*** Begin section ***

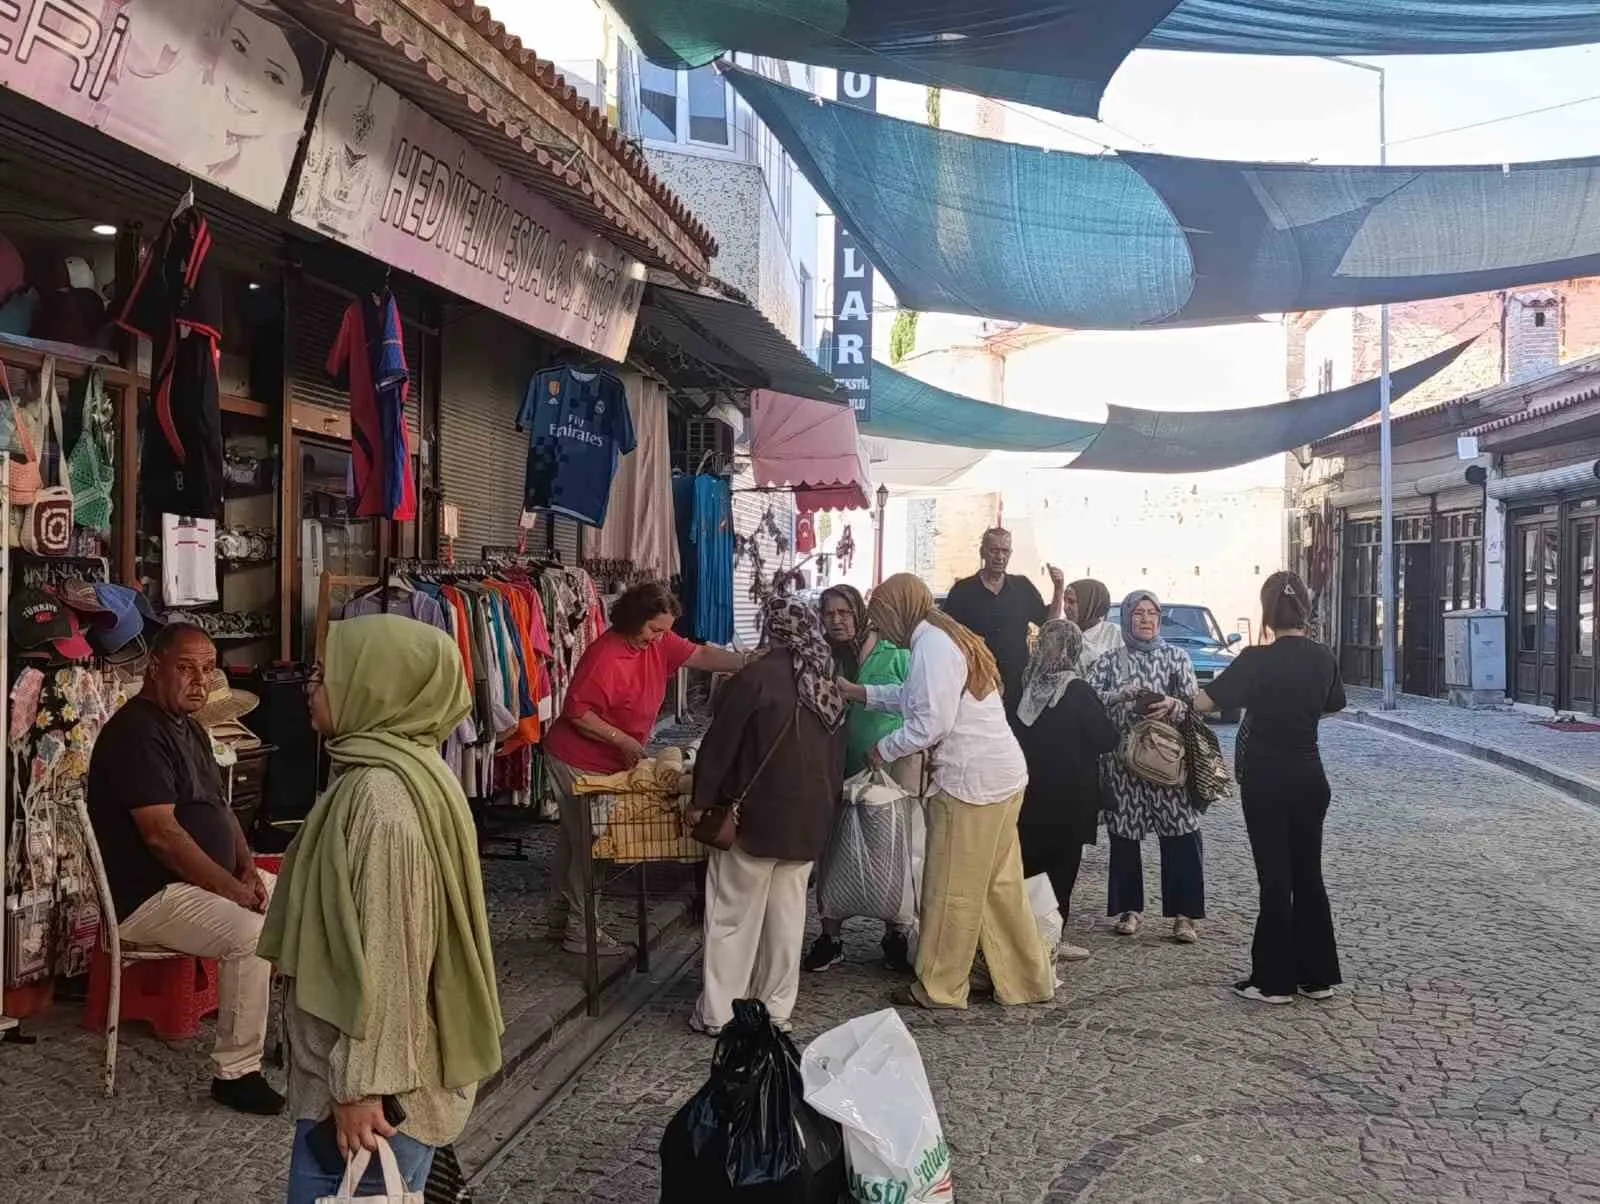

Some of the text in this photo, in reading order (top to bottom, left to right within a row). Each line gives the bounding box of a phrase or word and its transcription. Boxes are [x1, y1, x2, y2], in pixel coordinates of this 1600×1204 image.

[0, 0, 129, 101] Rİ
[497, 209, 551, 304] EŞYA
[544, 239, 568, 304] &
[837, 228, 869, 364] LAR
[834, 376, 870, 391] KSTİL
[549, 423, 603, 447] Emirates
[568, 413, 585, 427] Fly
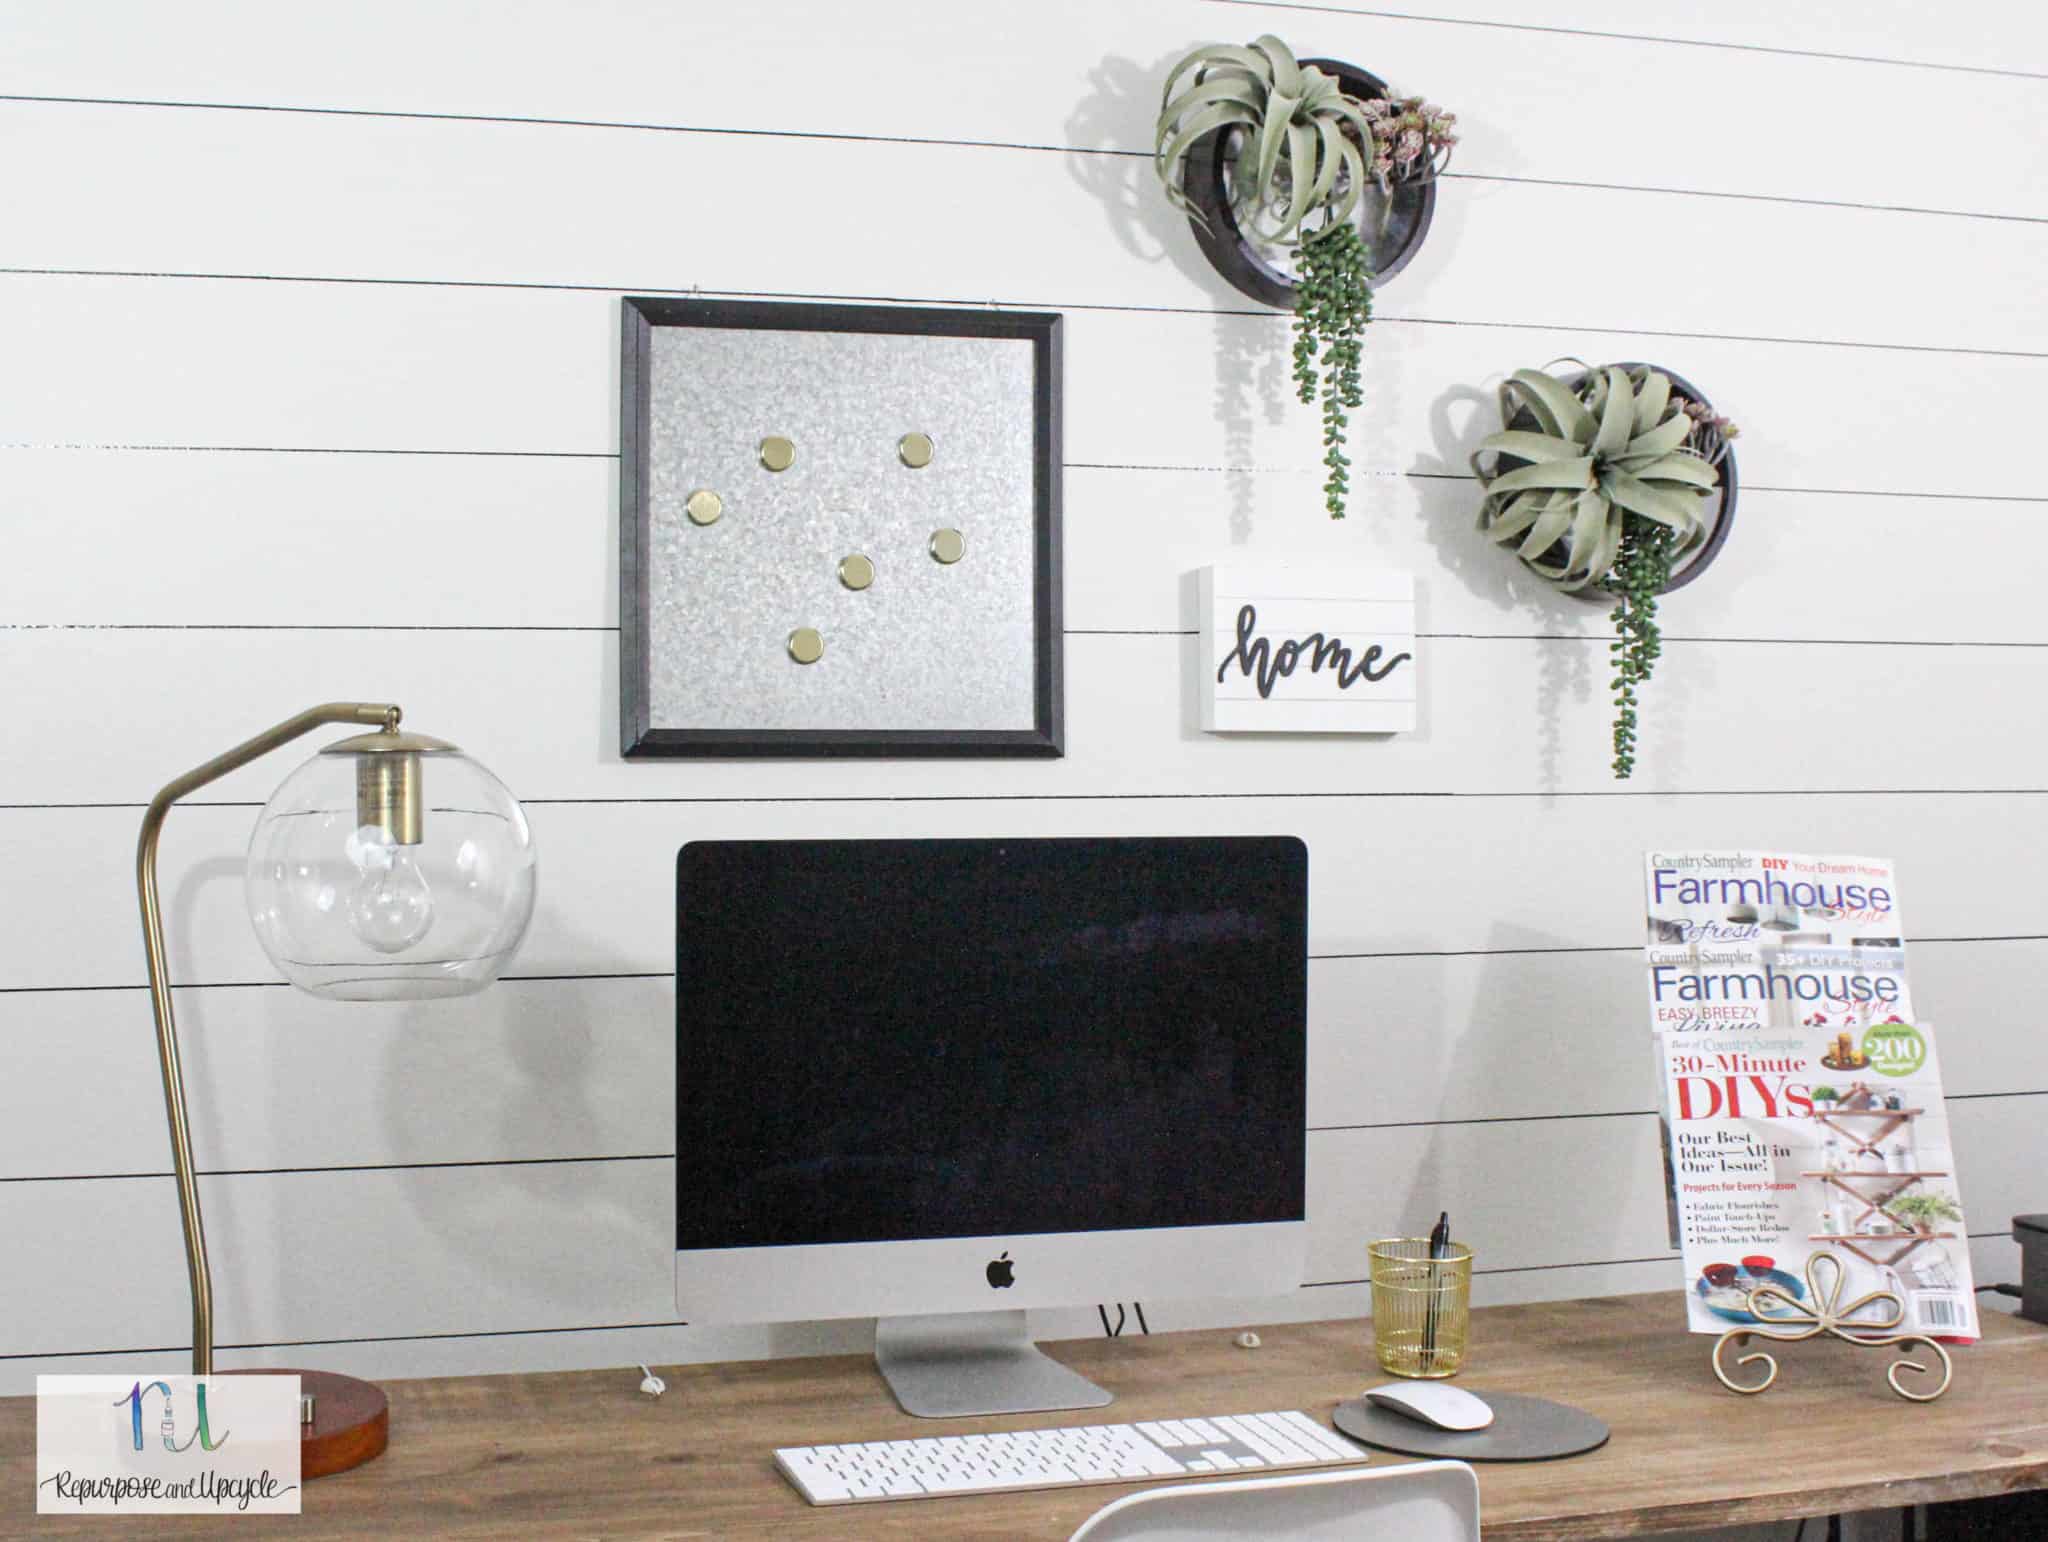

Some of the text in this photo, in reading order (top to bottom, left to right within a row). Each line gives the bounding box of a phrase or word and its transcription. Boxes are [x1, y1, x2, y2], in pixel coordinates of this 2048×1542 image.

*** End section ***

● **Task statement**: Apart from the images, every line above needs to be printed again exactly.

● **Final answer**:
Some of the text in this photo, in reading order (top to bottom, left to right within a row). Each line gives the bounding box of a phrase or word and its transcription. Boxes are [x1, y1, x2, y2], in pixel coordinates of this 1600×1204 image.

[0, 0, 129, 101] Rİ
[497, 209, 551, 304] EŞYA
[544, 239, 568, 304] &
[837, 228, 869, 364] LAR
[834, 376, 870, 391] KSTİL
[549, 423, 603, 447] Emirates
[568, 413, 585, 427] Fly

Some of the text in this photo, in reading order (top to bottom, left to right within a row). Each line gives the bounding box of a phrase or word and its transcription. Boxes are [x1, y1, x2, y2], in pixel coordinates of this 2048×1542 image.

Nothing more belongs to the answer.